About this exercise.
Once you have read the entries, copy all of them exactly.
Record extracts START
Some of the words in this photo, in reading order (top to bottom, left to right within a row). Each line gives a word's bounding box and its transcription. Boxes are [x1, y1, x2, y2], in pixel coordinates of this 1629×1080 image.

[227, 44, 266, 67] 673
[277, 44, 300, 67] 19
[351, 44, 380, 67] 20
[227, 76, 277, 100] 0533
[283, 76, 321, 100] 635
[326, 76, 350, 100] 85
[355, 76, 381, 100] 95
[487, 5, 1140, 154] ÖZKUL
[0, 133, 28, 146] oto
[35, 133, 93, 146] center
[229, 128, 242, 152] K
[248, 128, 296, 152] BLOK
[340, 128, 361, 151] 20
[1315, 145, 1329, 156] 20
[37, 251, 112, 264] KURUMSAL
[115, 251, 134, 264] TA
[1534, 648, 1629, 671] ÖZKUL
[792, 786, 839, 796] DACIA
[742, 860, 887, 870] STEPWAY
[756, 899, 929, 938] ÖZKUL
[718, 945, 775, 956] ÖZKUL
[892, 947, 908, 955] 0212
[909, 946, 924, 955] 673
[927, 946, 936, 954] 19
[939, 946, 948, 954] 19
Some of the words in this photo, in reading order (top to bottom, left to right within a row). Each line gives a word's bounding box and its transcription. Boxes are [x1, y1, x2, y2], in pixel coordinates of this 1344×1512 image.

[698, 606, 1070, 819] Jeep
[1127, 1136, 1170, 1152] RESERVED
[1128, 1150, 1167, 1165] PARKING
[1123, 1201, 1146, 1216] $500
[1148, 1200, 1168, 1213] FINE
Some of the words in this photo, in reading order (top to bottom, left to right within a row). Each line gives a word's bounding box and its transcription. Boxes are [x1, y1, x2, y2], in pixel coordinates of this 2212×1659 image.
Record extracts END
The answer.
Some of the words in this photo, in reading order (top to bottom, left to right within a row). Each line gives a word's bounding box and its transcription. Boxes are [x1, y1, x2, y2], in pixel coordinates of this 1629×1080 image.

[227, 44, 266, 67] 673
[277, 44, 300, 67] 19
[351, 44, 380, 67] 20
[227, 76, 277, 100] 0533
[283, 76, 321, 100] 635
[326, 76, 350, 100] 85
[355, 76, 381, 100] 95
[487, 5, 1140, 154] ÖZKUL
[0, 133, 28, 146] oto
[35, 133, 93, 146] center
[229, 128, 242, 152] K
[248, 128, 296, 152] BLOK
[340, 128, 361, 151] 20
[1315, 145, 1329, 156] 20
[37, 251, 112, 264] KURUMSAL
[115, 251, 134, 264] TA
[1534, 648, 1629, 671] ÖZKUL
[792, 786, 839, 796] DACIA
[742, 860, 887, 870] STEPWAY
[756, 899, 929, 938] ÖZKUL
[718, 945, 775, 956] ÖZKUL
[892, 947, 908, 955] 0212
[909, 946, 924, 955] 673
[927, 946, 936, 954] 19
[939, 946, 948, 954] 19
Some of the words in this photo, in reading order (top to bottom, left to right within a row). Each line gives a word's bounding box and its transcription. Boxes are [x1, y1, x2, y2], in pixel coordinates of this 1344×1512 image.

[698, 606, 1070, 819] Jeep
[1127, 1136, 1170, 1152] RESERVED
[1128, 1150, 1167, 1165] PARKING
[1123, 1201, 1146, 1216] $500
[1148, 1200, 1168, 1213] FINE
Some of the words in this photo, in reading order (top to bottom, left to right within a row). Each line gives a word's bounding box and its transcription. Boxes are [x1, y1, x2, y2], in pixel coordinates of this 2212×1659 image.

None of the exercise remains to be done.